Distributors deliver it to stores at 12:01 a.m. local time. I’ve seen people in line
waiting for it. I’d do that for a Springsteen concert, but not for a bottle of wine!

Yes, I’m a Springsteen fan, and that’s something else I’d do with two free hours—go to one of his shows or blast his CDs and dance like crazy.
But along with the wine, I’d have Sinatra or Dean Martin playing in the background, with a vanilla candle. And if I’m feeling indulgent, I’ll bring three white chocolate truffles, and eat them fast so they don’t melt.

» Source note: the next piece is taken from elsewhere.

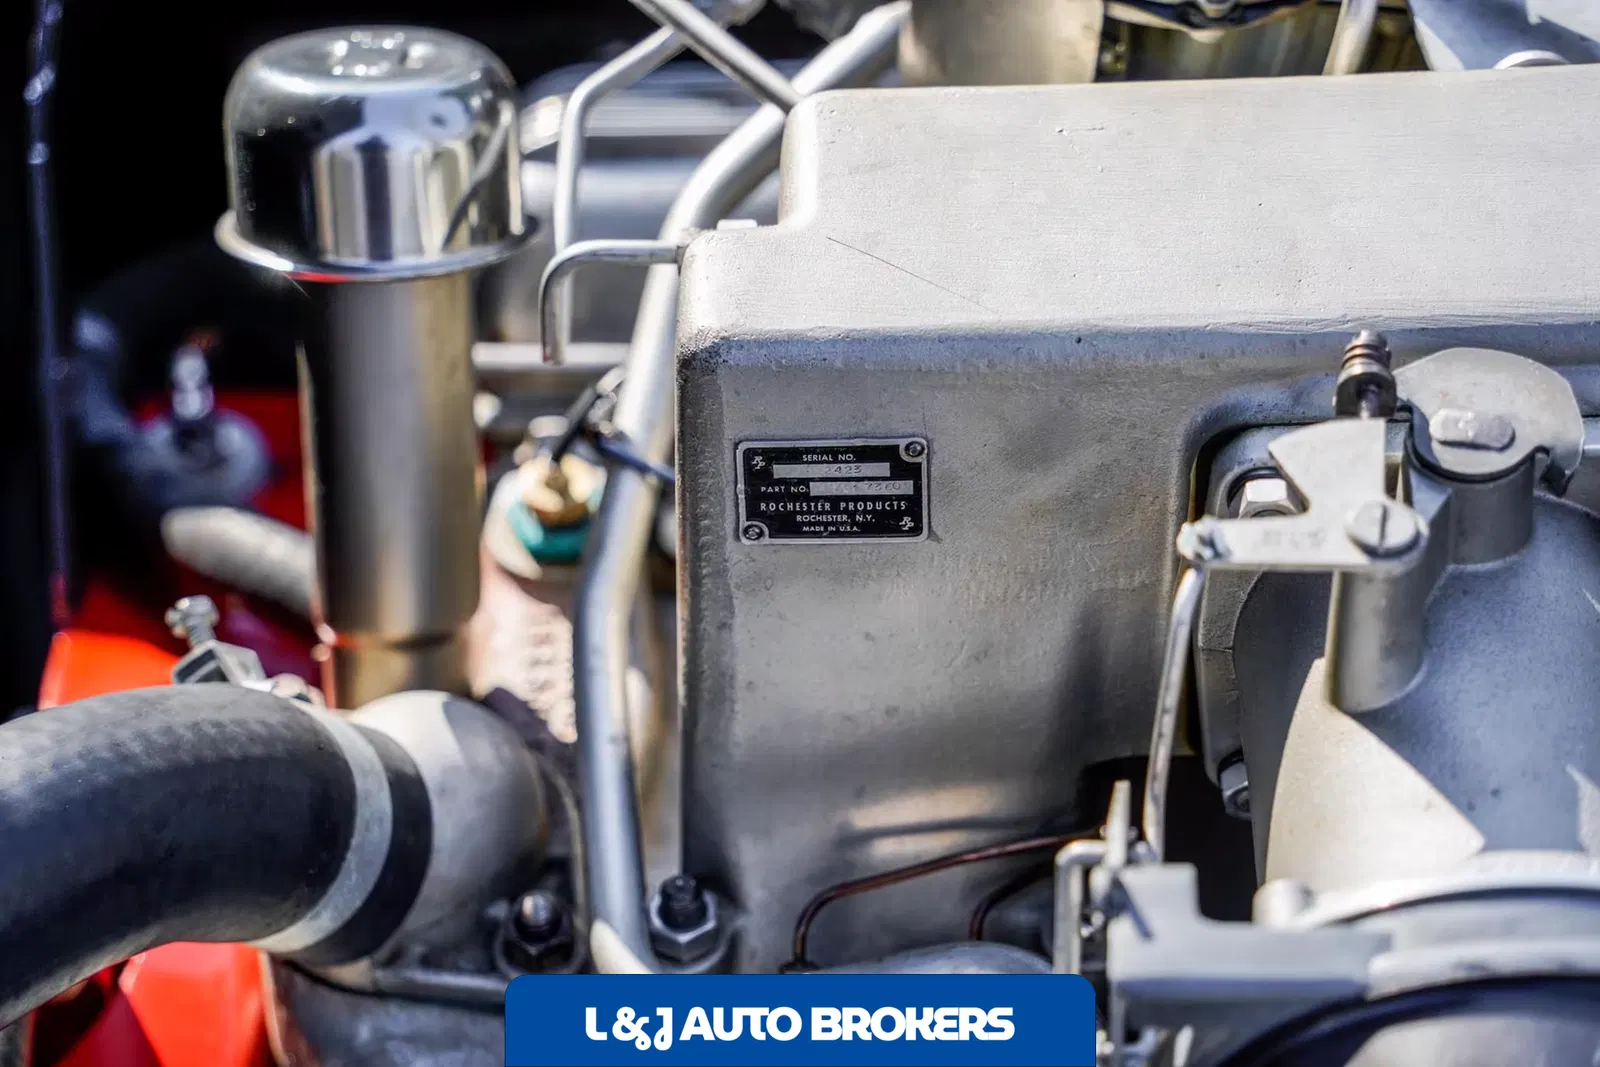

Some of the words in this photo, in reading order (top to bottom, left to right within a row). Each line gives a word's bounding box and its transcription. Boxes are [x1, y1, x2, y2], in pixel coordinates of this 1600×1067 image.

What kind of books do you love to read? Why?
The same kind of romances I write—suspense, where the heroine gets into one mess after another. I read out loud, it improves my diction for when I speak at writers’ conferences. I also like to browse cookbooks. I take a snapshot of the recipe in my head, then go and improvise.
My favorite author is Linda Howard. She writes such pulse-pounding suspense. And I know this sounds hokey, but when I met Fausto, I began reading Anne Rice. Fausto and his family aren’t the same kinds of vampires she writes about, but it gave me some perspective. To me, the original book Dracula, by Bram Stoker, was scary as hell. But I do consider it one of my favorite books because it was so innovative. I never believed in vampires before that book, and look where I am now!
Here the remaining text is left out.